Nominee for Army Secretary Daniel Driscoll speaks Jan. 30, 2025, during his confirmation hearing before the Senate Armed Services Committee. ((Eric Kayne/Stars and Stripes))
WASHINGTON — The Senate Armed Services Committee on Tuesday advanced the nomination of Daniel Driscoll, an Army veteran and businessman, to be the next Army secretary, paving the way for a full Senate vote.
Driscoll received a largely warm reception from the panel during his confirmation hearing last month and said he would serve soldiers, rather than generals or “the bureaucracy” as the top civilian official overseeing the military’s largest service.
“My sacred duty to our Army is to ensure our soldiers have the world’s finest training, equipment and leadership to accomplish any mission,” he said.

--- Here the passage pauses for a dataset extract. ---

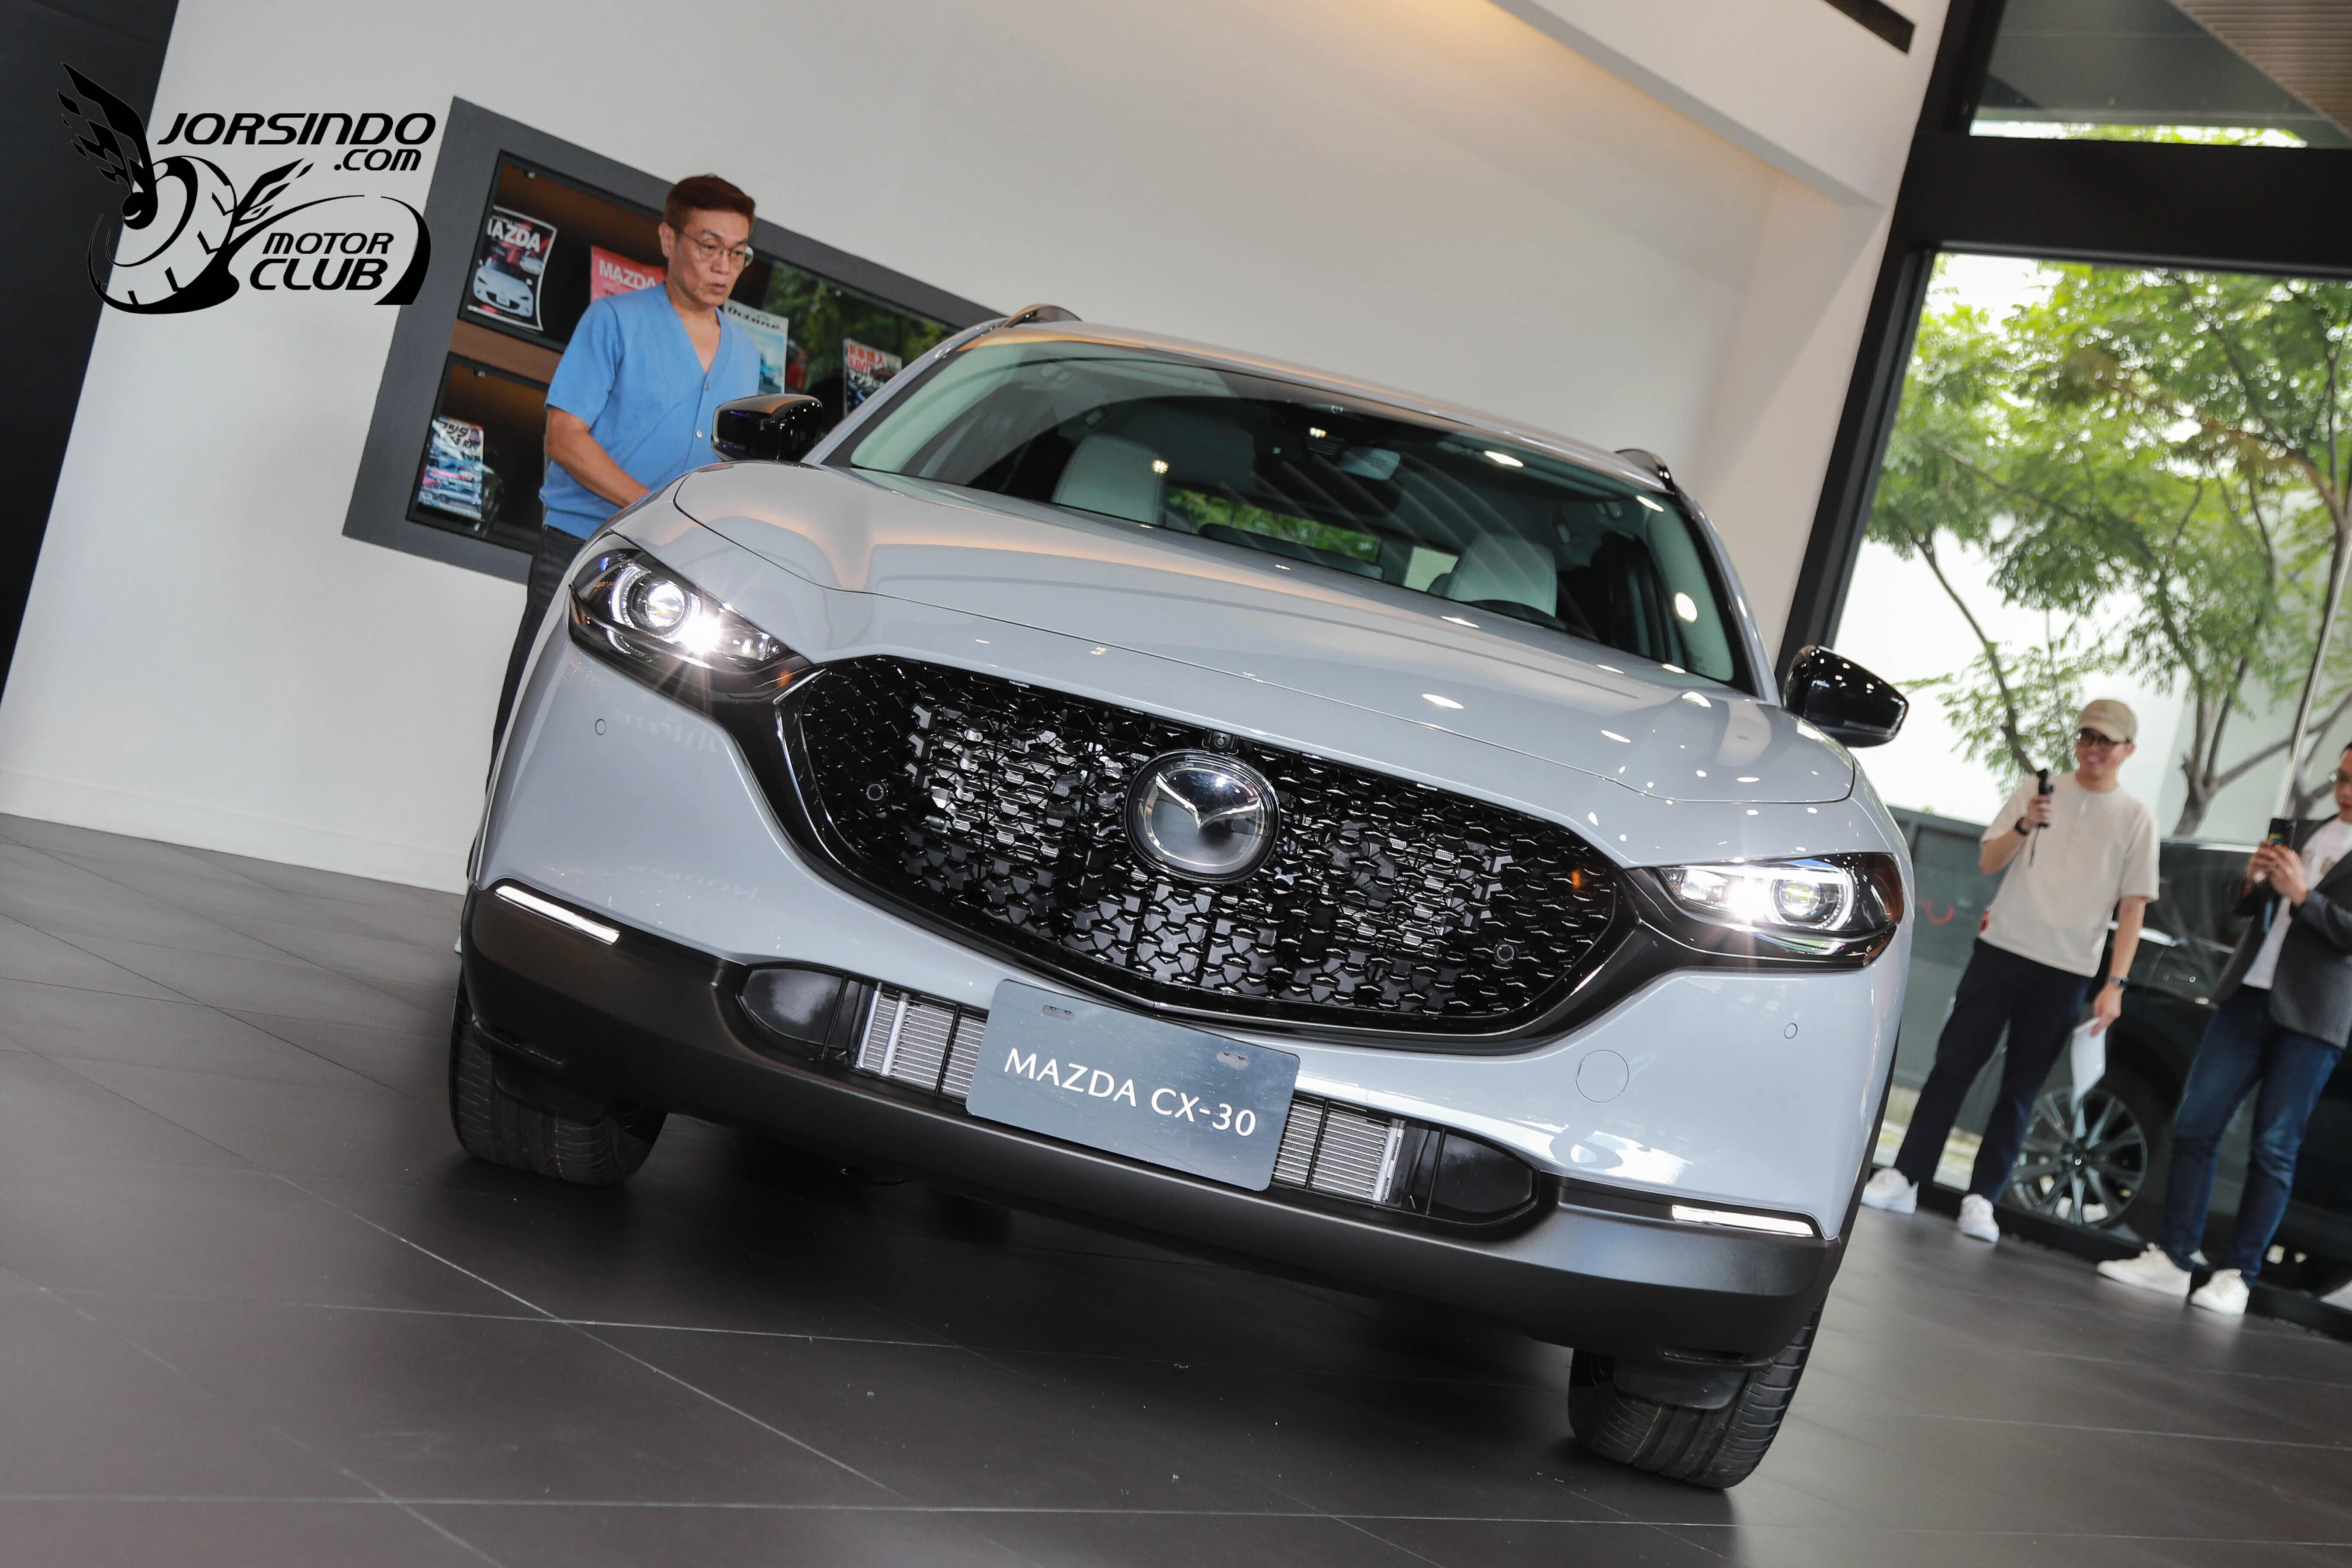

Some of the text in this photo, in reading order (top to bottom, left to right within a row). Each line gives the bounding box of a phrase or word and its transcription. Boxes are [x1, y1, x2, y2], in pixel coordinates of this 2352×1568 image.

Driscoll is a third-generation soldier, continuing a tradition of military service started by his grandfather, a decoder during World War II, and carried on by his father, who served in Vietnam. Driscoll said his family’s service record prepared him to lead more than a million soldiers and Army civilians.
He told senators that he plans to use the Army’s 250th anniversary this year to tell the “rich history” of the service in an effort to boost recruiting. Driscoll joined the Army in 2007 after graduating from the University of North Carolina at Chapel Hill in three years.

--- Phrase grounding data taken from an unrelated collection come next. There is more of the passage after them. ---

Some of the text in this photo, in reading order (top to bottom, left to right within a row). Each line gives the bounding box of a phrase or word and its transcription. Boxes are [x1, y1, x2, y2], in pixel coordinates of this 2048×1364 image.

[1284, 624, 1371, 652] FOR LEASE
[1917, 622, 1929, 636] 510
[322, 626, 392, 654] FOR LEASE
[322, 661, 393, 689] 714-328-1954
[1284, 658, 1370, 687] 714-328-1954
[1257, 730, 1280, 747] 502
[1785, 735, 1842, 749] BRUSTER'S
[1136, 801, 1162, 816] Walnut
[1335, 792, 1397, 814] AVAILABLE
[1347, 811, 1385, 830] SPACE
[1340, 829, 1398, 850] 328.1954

As a soldier, he completed Army Ranger School, served as an armor officer and deployed to Iraq in 2010 with the 10th Mountain Division. He was awarded the Army Commendation Medal, the combat action badge and the Ranger tab.
After leaving the Army in 2011, Driscoll attended Yale Law School, where he met and befriended Vice President JD Vance. He later served as an adviser to Vance and worked at several North Carolina investment banking and consulting firms.
President Donald Trump has praised Driscoll as a “disrupter and change agent” and Driscoll at his confirmation hearing said the Army “stands ready to execute on any mission for the president of the United States and the secretary of defense.”
Driscoll said securing the U.S. border with Mexico will be one of those missions. He sought to reassure Democrats who worried the Army could be forced into domestic law enforcement roles, saying he would “always follow the law.”
Sen. Roger Wicker of Mississippi, the Republican chairman of the committee, has praised Driscoll’s resume and said, “His record, his Army service, his legal background, and financial experience have prepared him to handle the myriad responsibilities of Army secretary.”